Your immediate reaction is to turn and run, right?

Believe it or not, the Health Insurance Portability and Accountable Act (HIPAA) is from the government, and it is here to help. It can help protect the privacy of your very sensitive and extremely personal medical records.

Enacted in 1996, this federal law requires that medical providers (doctors, nurses, hospitals, insurance companies and more) keep your medical information and documentation confidential. It also defines the process you must follow to release those records, or share them with other people.
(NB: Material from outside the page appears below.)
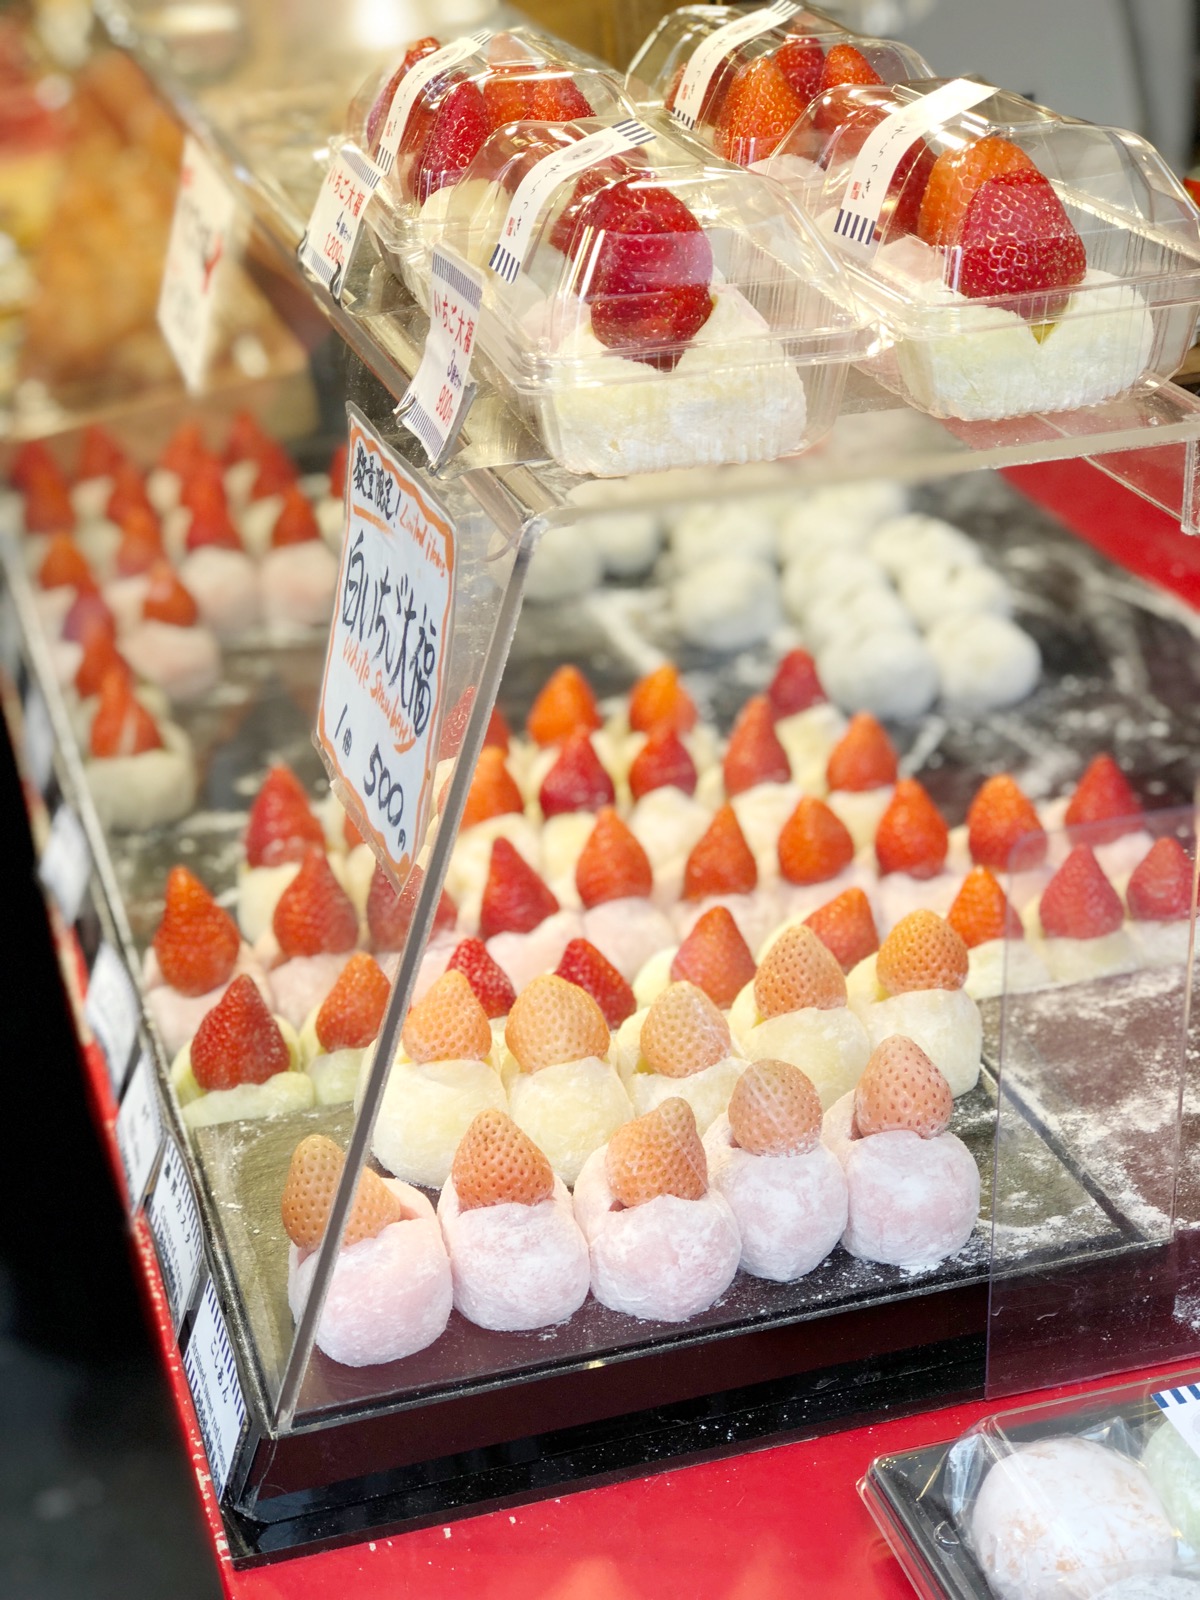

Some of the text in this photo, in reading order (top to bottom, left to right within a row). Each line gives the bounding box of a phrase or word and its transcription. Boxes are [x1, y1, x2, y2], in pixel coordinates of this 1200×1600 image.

It is designed to prevent third parties (newspapers, insurance companies, lawyers, etc.) from accessing this information without your permission.

If you do want to disclose certain medical information to a third party, HIPAA requires that you sign an medical authorization instructing your provider to release the files. To further protect your privacy, these authorizations usually specify which medical files can be released, and are limited to a specific time frame (e.g. the previous 12 months only).

There are certain circumstances in which you’re legally obligated to provide your medical records. The filing of a Worker’s Compensation or Social Security Disability claim are two examples. Your medical files are needed to verify eligibility, and in the case of a Worker’s Compensation claim, whether your injury was work-related.

In both cases, you still must authorize the release of your records. If you choose not to on privacy grounds, your employer’s insurance company or the Social Security Administration will likely reject your claim.

HIPAA also affects your interaction with insurance companies when you buy life and liability insurance. Many underwriters will want to review your medical history before issuing a life insurance policy. You have the right not to disclose this information, just as they have the right not to insure you.

While most liability policies do not ask for medical records, theoretically they could. You must weigh your desire for privacy against your need for coverage. In the case of a liability claim due to injury, your medical records will likely be a key piece of the case, so you’ll probably have to allow some access there as well.

Regardless of the situation, the key to remember is that HIPAA gives you control over who gets access to your medical records. While sometimes it will be necessary to share them, ultimately you are the person who chooses.